Curieusement, une composante aérienne de cette campagne anti-Zelensky manquait. Le bureau présidentiel dans le centre de Kiev n’a pas été la cible d’une frappe aérienne à grande échelle. Avec le missile de croisière précis Kalibr, le bureau aurait pu être réduit en cendres dans les premiers jours, mais cela ne s’est pas produit non plus. Si vous êtes prêt en tant qu’armée d’invasion à détruire des villes entières et à tirer sur des civils, pourquoi laisser seul l’homme qui dirige son armée chaque jour et réconforte son peuple ?

Symbole de résistance

En conséquence, le président ukrainien a gagné en confiance et est devenu un symbole mondial de la résistance héroïque. Zelensky, craignant pour sa sécurité dans les premiers jours, a également commencé à défier les Russes. Au douzième jour de l’invasion, il s’adresse ouvertement à la population depuis son bureau. Le lendemain matin même depuis la cour. Depuis lors, le président est chaque jour assis derrière son bureau, recevant les dirigeants mondiaux. Une attaque soudaine de missiles de croisière russes est désormais considérée comme impossible.

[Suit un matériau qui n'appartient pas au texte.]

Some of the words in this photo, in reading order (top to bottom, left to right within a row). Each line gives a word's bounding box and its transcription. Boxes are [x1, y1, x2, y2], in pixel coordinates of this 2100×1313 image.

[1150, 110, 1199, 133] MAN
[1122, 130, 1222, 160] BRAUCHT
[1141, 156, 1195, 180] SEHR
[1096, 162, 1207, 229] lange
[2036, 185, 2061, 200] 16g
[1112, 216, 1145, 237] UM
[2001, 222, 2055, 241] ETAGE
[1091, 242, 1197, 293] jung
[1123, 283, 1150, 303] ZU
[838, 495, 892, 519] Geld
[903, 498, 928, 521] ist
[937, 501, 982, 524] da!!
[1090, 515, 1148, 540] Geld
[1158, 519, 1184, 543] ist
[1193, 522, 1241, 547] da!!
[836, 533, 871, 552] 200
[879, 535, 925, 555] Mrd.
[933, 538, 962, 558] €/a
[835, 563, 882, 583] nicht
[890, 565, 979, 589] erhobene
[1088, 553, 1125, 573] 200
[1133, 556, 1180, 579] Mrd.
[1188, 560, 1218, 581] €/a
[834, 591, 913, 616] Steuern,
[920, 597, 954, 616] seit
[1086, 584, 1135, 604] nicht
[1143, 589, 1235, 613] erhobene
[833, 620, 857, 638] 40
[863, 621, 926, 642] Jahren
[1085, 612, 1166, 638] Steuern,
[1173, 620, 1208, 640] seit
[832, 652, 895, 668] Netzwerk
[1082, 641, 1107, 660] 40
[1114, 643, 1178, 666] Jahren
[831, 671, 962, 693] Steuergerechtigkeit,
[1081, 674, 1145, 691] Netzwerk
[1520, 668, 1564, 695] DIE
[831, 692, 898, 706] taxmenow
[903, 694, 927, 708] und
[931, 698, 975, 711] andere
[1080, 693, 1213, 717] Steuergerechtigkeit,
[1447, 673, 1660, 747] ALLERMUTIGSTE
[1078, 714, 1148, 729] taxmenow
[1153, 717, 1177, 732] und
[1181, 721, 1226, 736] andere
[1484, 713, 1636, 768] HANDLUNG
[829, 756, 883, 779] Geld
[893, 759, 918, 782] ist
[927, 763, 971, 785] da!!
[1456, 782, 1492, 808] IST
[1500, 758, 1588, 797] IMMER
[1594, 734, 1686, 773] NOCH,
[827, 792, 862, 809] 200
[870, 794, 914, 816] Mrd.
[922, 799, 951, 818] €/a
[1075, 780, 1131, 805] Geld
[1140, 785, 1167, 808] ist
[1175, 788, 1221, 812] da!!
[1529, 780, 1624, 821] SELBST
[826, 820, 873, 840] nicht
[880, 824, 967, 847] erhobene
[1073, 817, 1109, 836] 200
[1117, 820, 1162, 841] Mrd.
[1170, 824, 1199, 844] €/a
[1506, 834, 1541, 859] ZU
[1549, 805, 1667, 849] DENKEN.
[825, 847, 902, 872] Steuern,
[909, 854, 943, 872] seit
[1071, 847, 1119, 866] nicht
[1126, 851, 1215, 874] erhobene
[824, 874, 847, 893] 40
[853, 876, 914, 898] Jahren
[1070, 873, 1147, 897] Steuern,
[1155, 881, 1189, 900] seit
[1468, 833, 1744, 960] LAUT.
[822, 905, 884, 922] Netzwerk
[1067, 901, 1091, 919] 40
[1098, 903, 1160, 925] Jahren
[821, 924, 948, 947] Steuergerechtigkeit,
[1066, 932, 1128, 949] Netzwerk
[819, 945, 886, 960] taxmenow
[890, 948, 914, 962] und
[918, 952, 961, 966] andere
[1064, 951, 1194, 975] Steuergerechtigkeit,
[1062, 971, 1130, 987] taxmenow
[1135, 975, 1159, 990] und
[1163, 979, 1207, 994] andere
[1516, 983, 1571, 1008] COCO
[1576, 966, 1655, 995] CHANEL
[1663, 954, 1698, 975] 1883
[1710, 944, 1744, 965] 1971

Lors de l’invasion américaine de l’Irak en 2003, les États-Unis ont été confrontés au même problème. L’élimination rapide de Saddam Hussein signifierait une courte guerre. Mais le président George W. Bush avait un problème : les présidents américains ont été empêchés par décret présidentiel d’organiser une telle opération. « Aucun employé du gouvernement américain ne peut s’engager dans un assassinat politique ou conspirer pour commettre un assassinat politique », a déclaré le président Ford dans le décret exécutif 11905 en 1975. L’occasion était une enquête du Congrès sur l’implication de la CIA dans des plans d’assassinat contre d’autres Fidel Castro.

Cela n’a pas empêché l’administration Bush de bombarder les innombrables palais du président irakien au début de l’invasion. Les palais devaient être utilisés comme centres de commandement militaire et donc, selon Washington, étaient une cible militaire légitime. Les plus hauts généraux ukrainiens vivent également près de Zelensky. La question de savoir pourquoi les Russes n’ont pas suivi l’exemple américain et se sont montrés si réservés à l’égard de Zelensky reste sans réponse.